NEW YORK EXPANDS IC MISCLASSIFICATION TASK FORCE. New York Governor Andrew Cuomo has established a permanent Joint Task Force to develop strategies for systematically investigating employee misclassification and facilitating the prosecution of employers in violation of the law. As described more fully in my blog post of July 21, 2016, Executive Order No. 159 expanded the existing Joint Enforcement Task Force on Employee Misclassification into a Joint Task Force on Worker Exploitation and Worker Misclassification.  According to a Press Release issued by the Governor on July 20, 2016, the Joint Task Force is vested with many powers and duties including facilitating the sharing of information between Task Force members relating to suspected employee misclassification and worker exploitation violations in a timely manner; working cooperatively with labor and community organizations, businesses and business coalitions, and other advocacy groups to (1) seek and develop new methods of prevention, detection, and deterrence of employee misclassification and worker exploitation; (2) enhance or modify mechanisms for identifying and reporting instances of alleged employee misclassification and worker exploitation; (3) receive input on educational needs or compliance opportunities; and (4) collaborate with federal, state, and local social services agencies to provide timely assistance to vulnerable populations that have been misclassified and exploited.
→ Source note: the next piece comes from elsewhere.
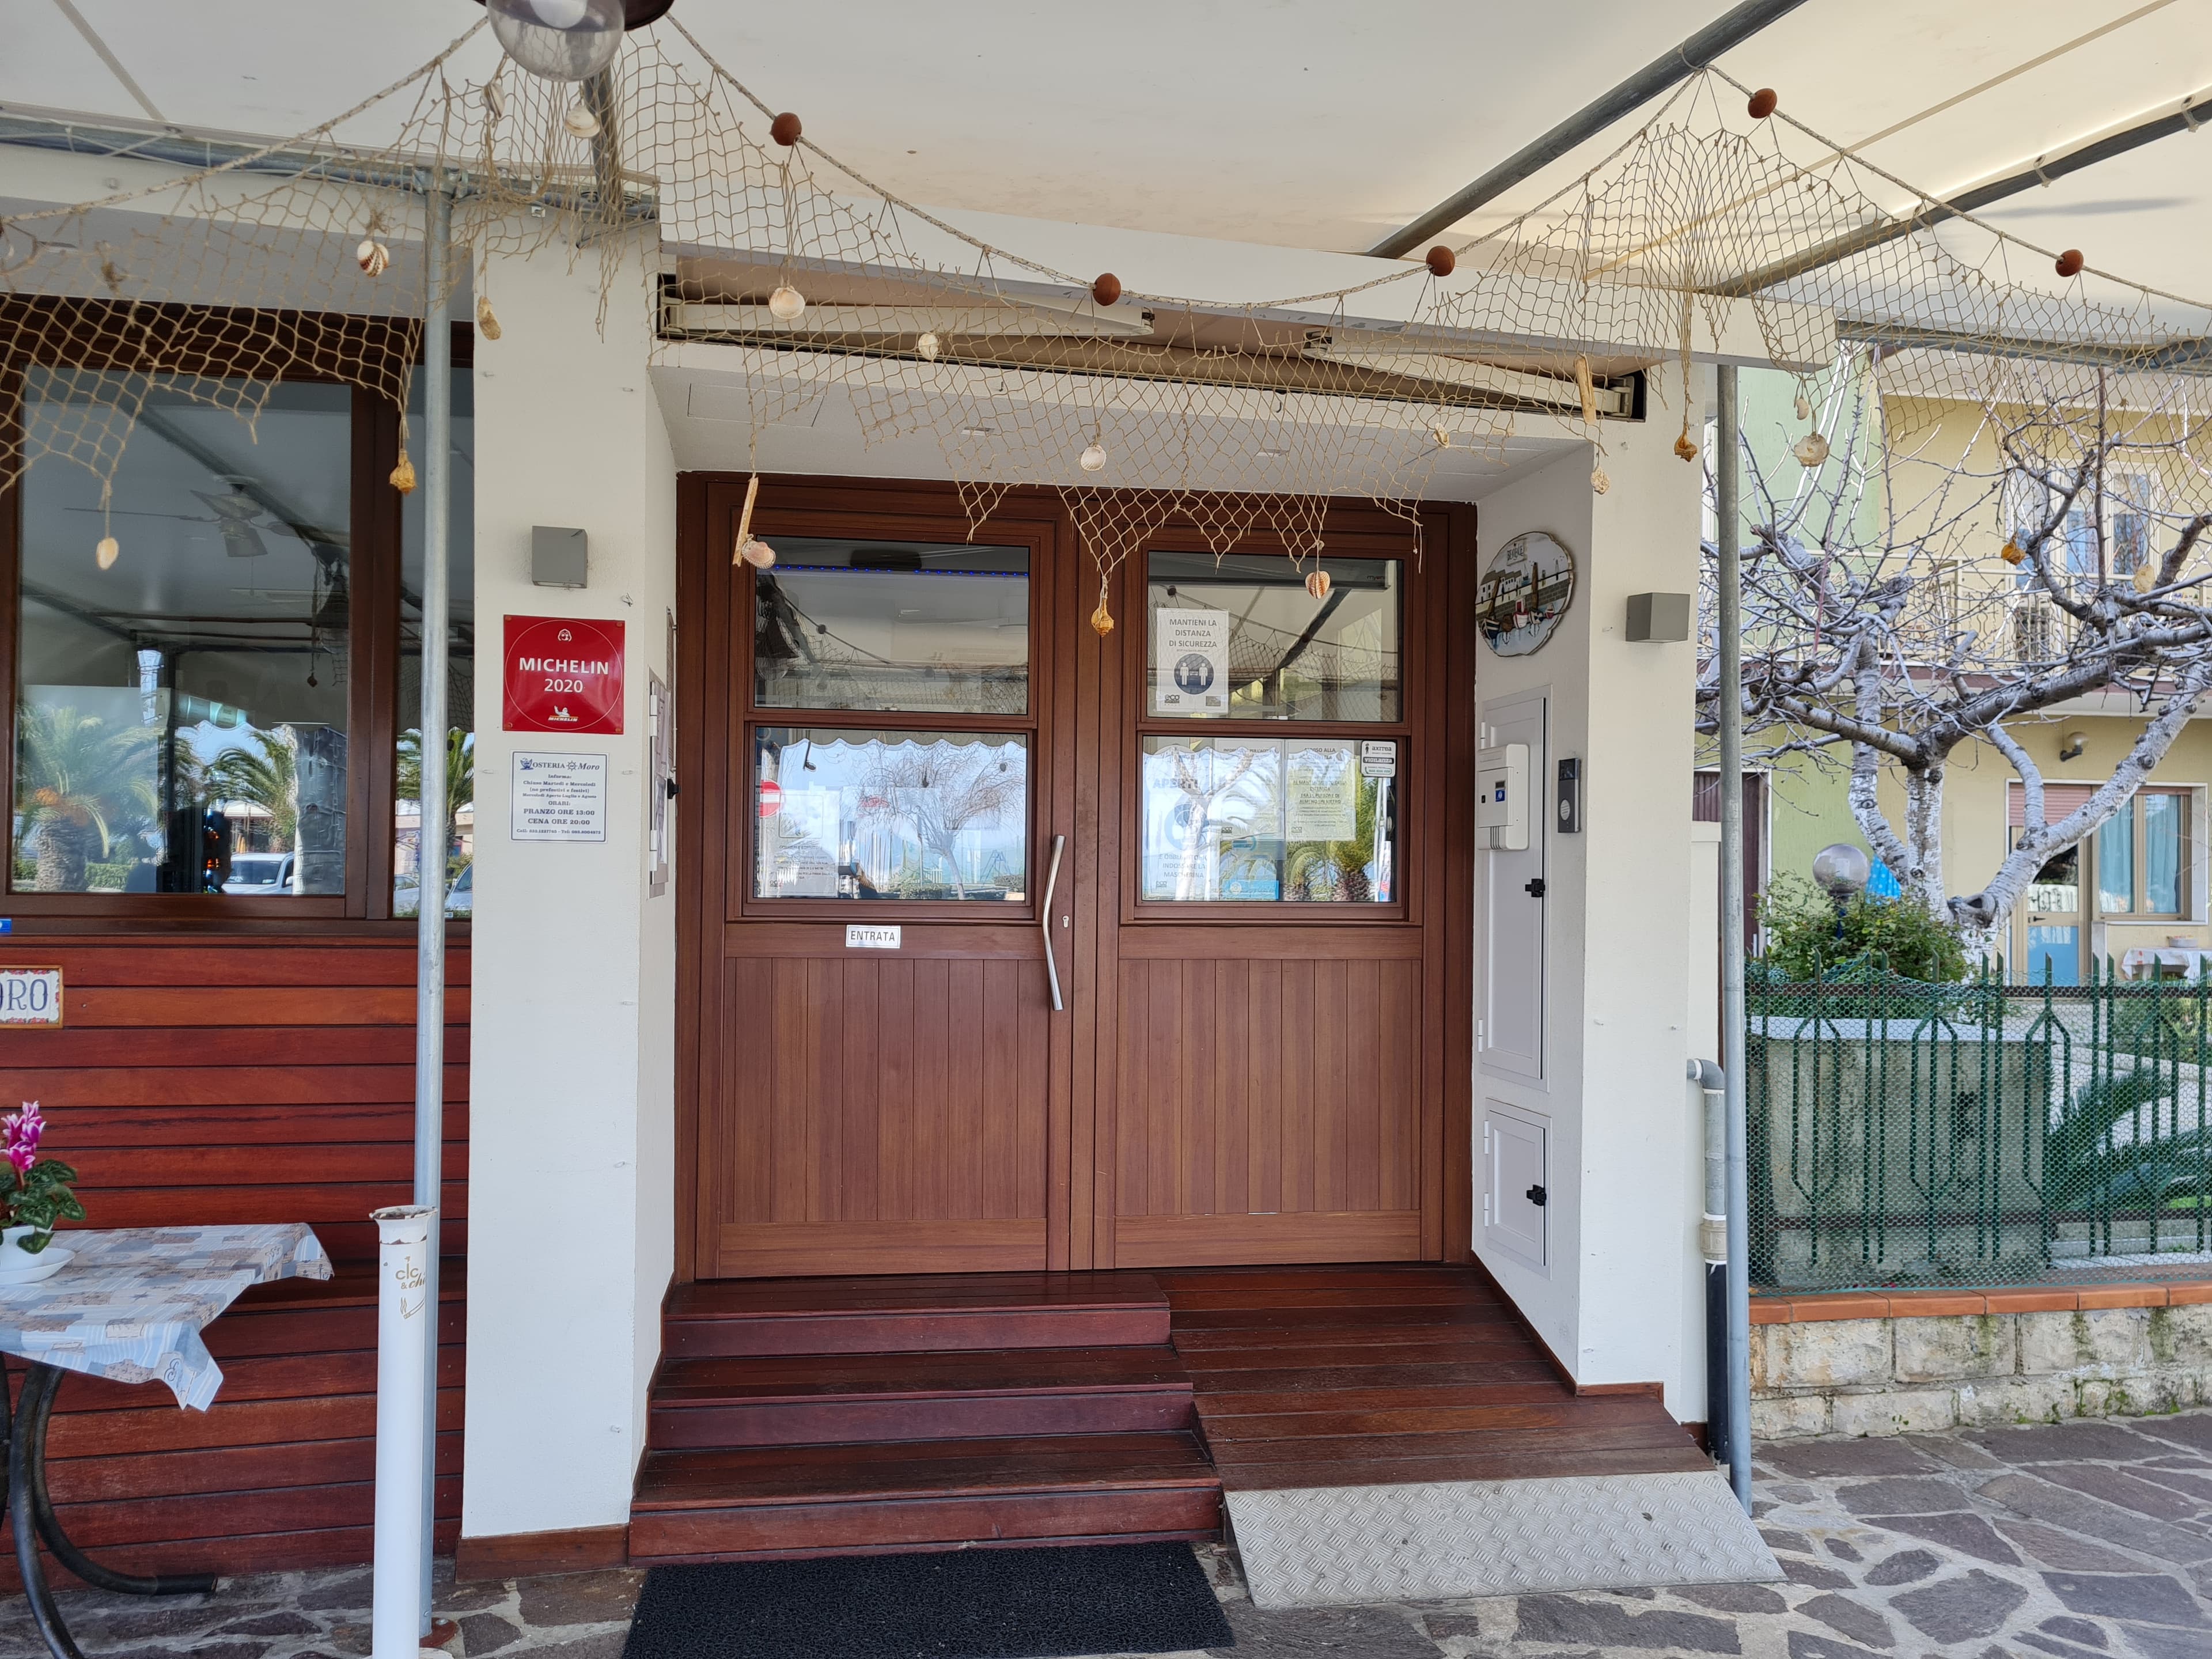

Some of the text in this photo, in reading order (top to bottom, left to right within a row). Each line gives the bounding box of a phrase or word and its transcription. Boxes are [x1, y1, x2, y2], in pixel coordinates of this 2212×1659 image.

[520, 657, 609, 675] MICHELIN
[544, 679, 584, 693] 2020
[850, 930, 895, 941] ENTRATA
Together with the issuance of the Executive Order, the Joint Task Force issued the 2016 Annual Report, which identified several industries where independent contractor misclassification and/or worker exploitation is prevalent, such as nail salons, restaurants, agriculture, car washes, domestic workers, construction, landscaping, dry cleaning, supermarkets, home health care, and retail. While the Executive Order and 2016 Report focus on the negative impact of misclassification of ICs, there is no mention of the value to the U.S. economy from the legitimate use of independent contractors that has been noted both by U.S. Secretary of Labor Thomas Perez and Dr. David Weil, Administrator of the Wage and Hour Division of the U.S. Department of Labor.